* [WHAT NEEDS TO BE DONE]:
Leave the pictures out and restate every line below exactly.

* [DATA]:
· · · ·

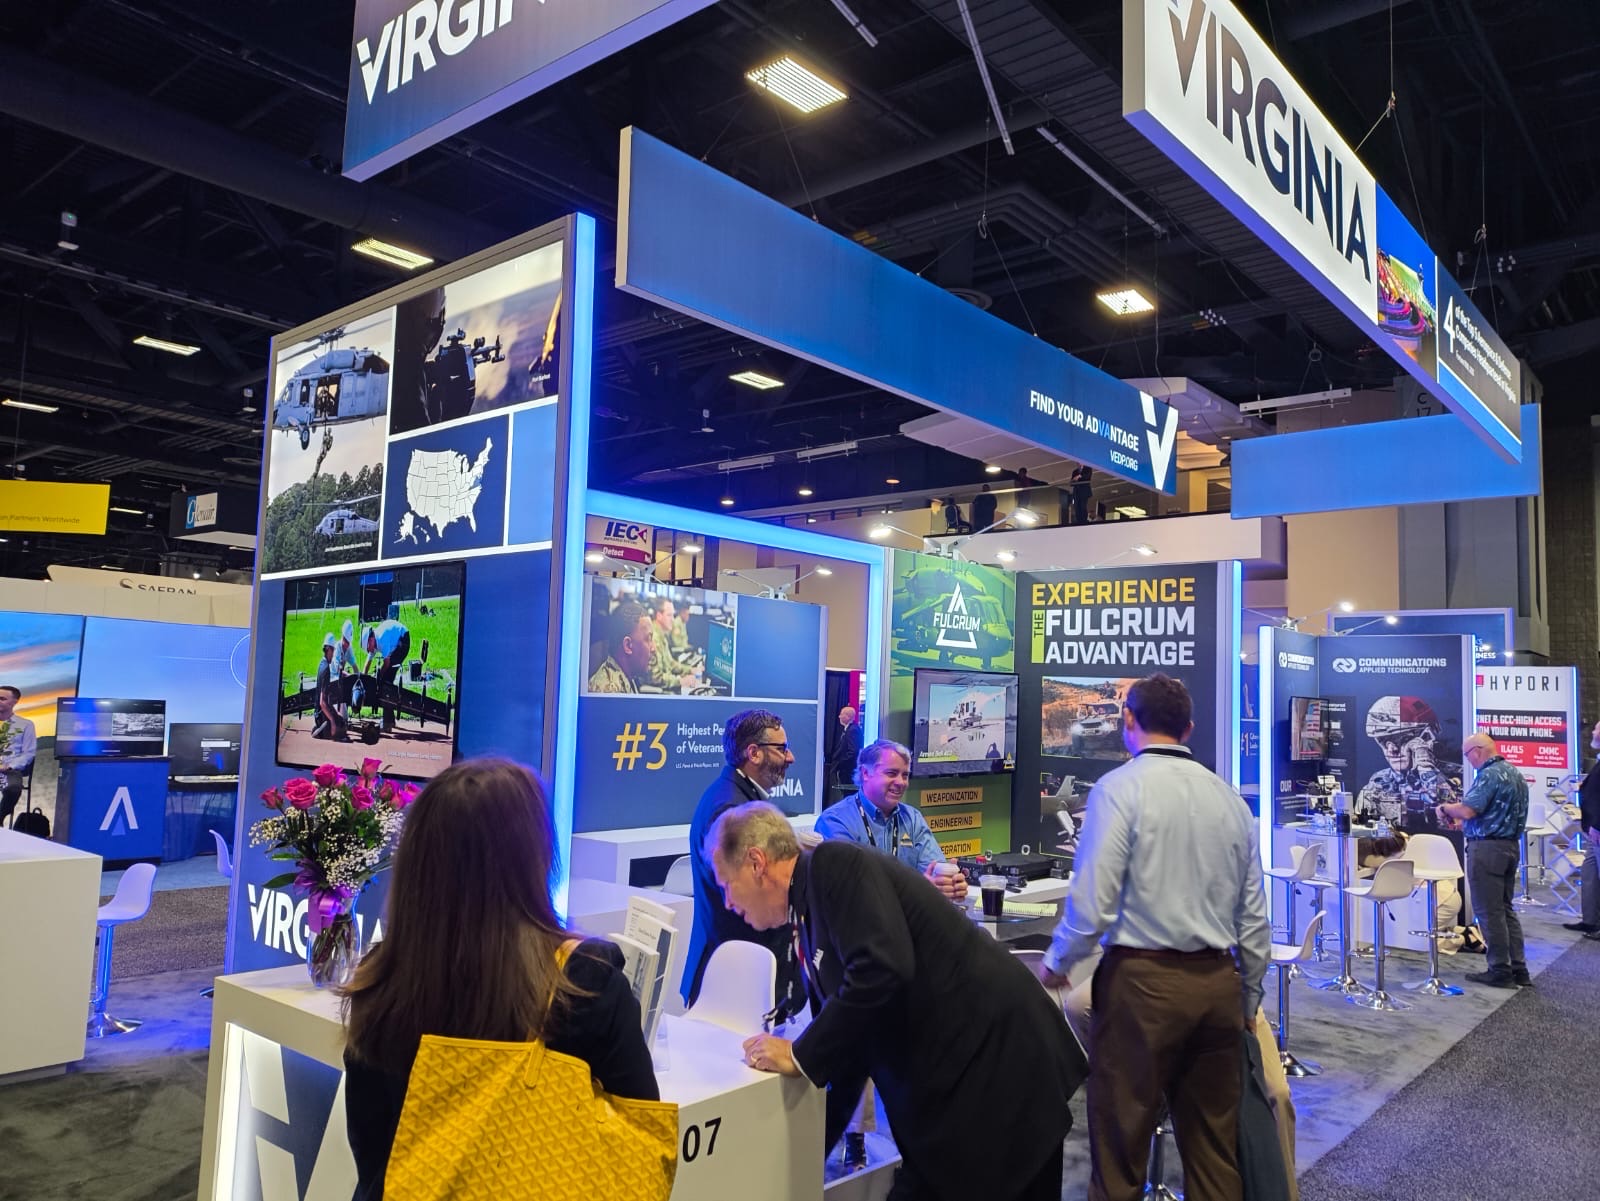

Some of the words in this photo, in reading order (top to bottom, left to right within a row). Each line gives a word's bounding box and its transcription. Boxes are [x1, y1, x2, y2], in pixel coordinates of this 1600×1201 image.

[356, 0, 546, 105] VIRG
[1167, 0, 1371, 284] VIRGINIA
[1443, 295, 1456, 353] 4
[1417, 392, 1428, 404] C
[1030, 390, 1055, 415] FIND
[1056, 401, 1083, 428] YOUR
[1085, 414, 1139, 452] ADVANTAGE
[1110, 450, 1139, 471] VEDP.ORG
[605, 521, 640, 541] IEC
[602, 547, 624, 557] Detect
[1032, 578, 1196, 606] EXPERIENCE
[933, 612, 981, 632] FULCRUM
[1033, 613, 1044, 638] THE
[1046, 606, 1195, 636] FULCRUM
[1045, 641, 1195, 666] ADVANTAGE
[1359, 658, 1447, 667] COMMUNICATIONS
[1490, 675, 1559, 691] HYPORI
[677, 723, 710, 738] Highest
[1500, 716, 1533, 726] GCC-HIGH
[1535, 716, 1562, 726] ACCESS
[1491, 727, 1509, 736] YOUR
[1510, 727, 1528, 737] OWN
[1529, 728, 1555, 738] PHONE.
[612, 723, 669, 771] #3
[676, 741, 686, 753] of
[688, 741, 724, 753] Veterans
[1538, 747, 1560, 756] CMMC
[769, 779, 803, 798] GINIA
[1280, 780, 1292, 792] OUR
[926, 791, 978, 803] WEAPONIZATION
[930, 816, 973, 829] ENGINEERING
[941, 843, 972, 855] EGRATION
[247, 883, 384, 960] VIRGI
[682, 1117, 722, 1163] 07

· · · ·

* [EXPECTED ANSWER]:
Some of the words in this photo, in reading order (top to bottom, left to right within a row). Each line gives a word's bounding box and its transcription. Boxes are [x1, y1, x2, y2], in pixel coordinates of this 1600×1201 image.

[356, 0, 546, 105] VIRG
[1167, 0, 1371, 284] VIRGINIA
[1443, 295, 1456, 353] 4
[1417, 392, 1428, 404] C
[1030, 390, 1055, 415] FIND
[1056, 401, 1083, 428] YOUR
[1085, 414, 1139, 452] ADVANTAGE
[1110, 450, 1139, 471] VEDP.ORG
[605, 521, 640, 541] IEC
[602, 547, 624, 557] Detect
[1032, 578, 1196, 606] EXPERIENCE
[933, 612, 981, 632] FULCRUM
[1033, 613, 1044, 638] THE
[1046, 606, 1195, 636] FULCRUM
[1045, 641, 1195, 666] ADVANTAGE
[1359, 658, 1447, 667] COMMUNICATIONS
[1490, 675, 1559, 691] HYPORI
[677, 723, 710, 738] Highest
[1500, 716, 1533, 726] GCC-HIGH
[1535, 716, 1562, 726] ACCESS
[1491, 727, 1509, 736] YOUR
[1510, 727, 1528, 737] OWN
[1529, 728, 1555, 738] PHONE.
[612, 723, 669, 771] #3
[676, 741, 686, 753] of
[688, 741, 724, 753] Veterans
[1538, 747, 1560, 756] CMMC
[769, 779, 803, 798] GINIA
[1280, 780, 1292, 792] OUR
[926, 791, 978, 803] WEAPONIZATION
[930, 816, 973, 829] ENGINEERING
[941, 843, 972, 855] EGRATION
[247, 883, 384, 960] VIRGI
[682, 1117, 722, 1163] 07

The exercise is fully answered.